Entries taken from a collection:
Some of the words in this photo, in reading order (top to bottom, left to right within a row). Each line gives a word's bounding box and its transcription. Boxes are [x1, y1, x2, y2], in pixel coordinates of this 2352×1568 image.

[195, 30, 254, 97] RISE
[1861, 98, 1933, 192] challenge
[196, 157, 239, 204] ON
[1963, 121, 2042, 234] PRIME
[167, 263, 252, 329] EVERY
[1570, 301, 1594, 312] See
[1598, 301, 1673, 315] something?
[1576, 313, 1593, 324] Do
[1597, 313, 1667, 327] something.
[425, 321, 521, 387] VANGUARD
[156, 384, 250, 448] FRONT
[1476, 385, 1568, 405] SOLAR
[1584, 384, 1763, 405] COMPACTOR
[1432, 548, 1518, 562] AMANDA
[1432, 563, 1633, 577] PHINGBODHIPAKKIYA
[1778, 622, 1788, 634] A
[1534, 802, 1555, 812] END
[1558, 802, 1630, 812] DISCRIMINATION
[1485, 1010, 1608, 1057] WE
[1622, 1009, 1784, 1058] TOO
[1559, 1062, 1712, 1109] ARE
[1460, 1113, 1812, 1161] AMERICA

• **Problem requirements**
Please copy all of the data above exactly.

• **Solution to this exercise**
Some of the words in this photo, in reading order (top to bottom, left to right within a row). Each line gives a word's bounding box and its transcription. Boxes are [x1, y1, x2, y2], in pixel coordinates of this 2352×1568 image.

[195, 30, 254, 97] RISE
[1861, 98, 1933, 192] challenge
[196, 157, 239, 204] ON
[1963, 121, 2042, 234] PRIME
[167, 263, 252, 329] EVERY
[1570, 301, 1594, 312] See
[1598, 301, 1673, 315] something?
[1576, 313, 1593, 324] Do
[1597, 313, 1667, 327] something.
[425, 321, 521, 387] VANGUARD
[156, 384, 250, 448] FRONT
[1476, 385, 1568, 405] SOLAR
[1584, 384, 1763, 405] COMPACTOR
[1432, 548, 1518, 562] AMANDA
[1432, 563, 1633, 577] PHINGBODHIPAKKIYA
[1778, 622, 1788, 634] A
[1534, 802, 1555, 812] END
[1558, 802, 1630, 812] DISCRIMINATION
[1485, 1010, 1608, 1057] WE
[1622, 1009, 1784, 1058] TOO
[1559, 1062, 1712, 1109] ARE
[1460, 1113, 1812, 1161] AMERICA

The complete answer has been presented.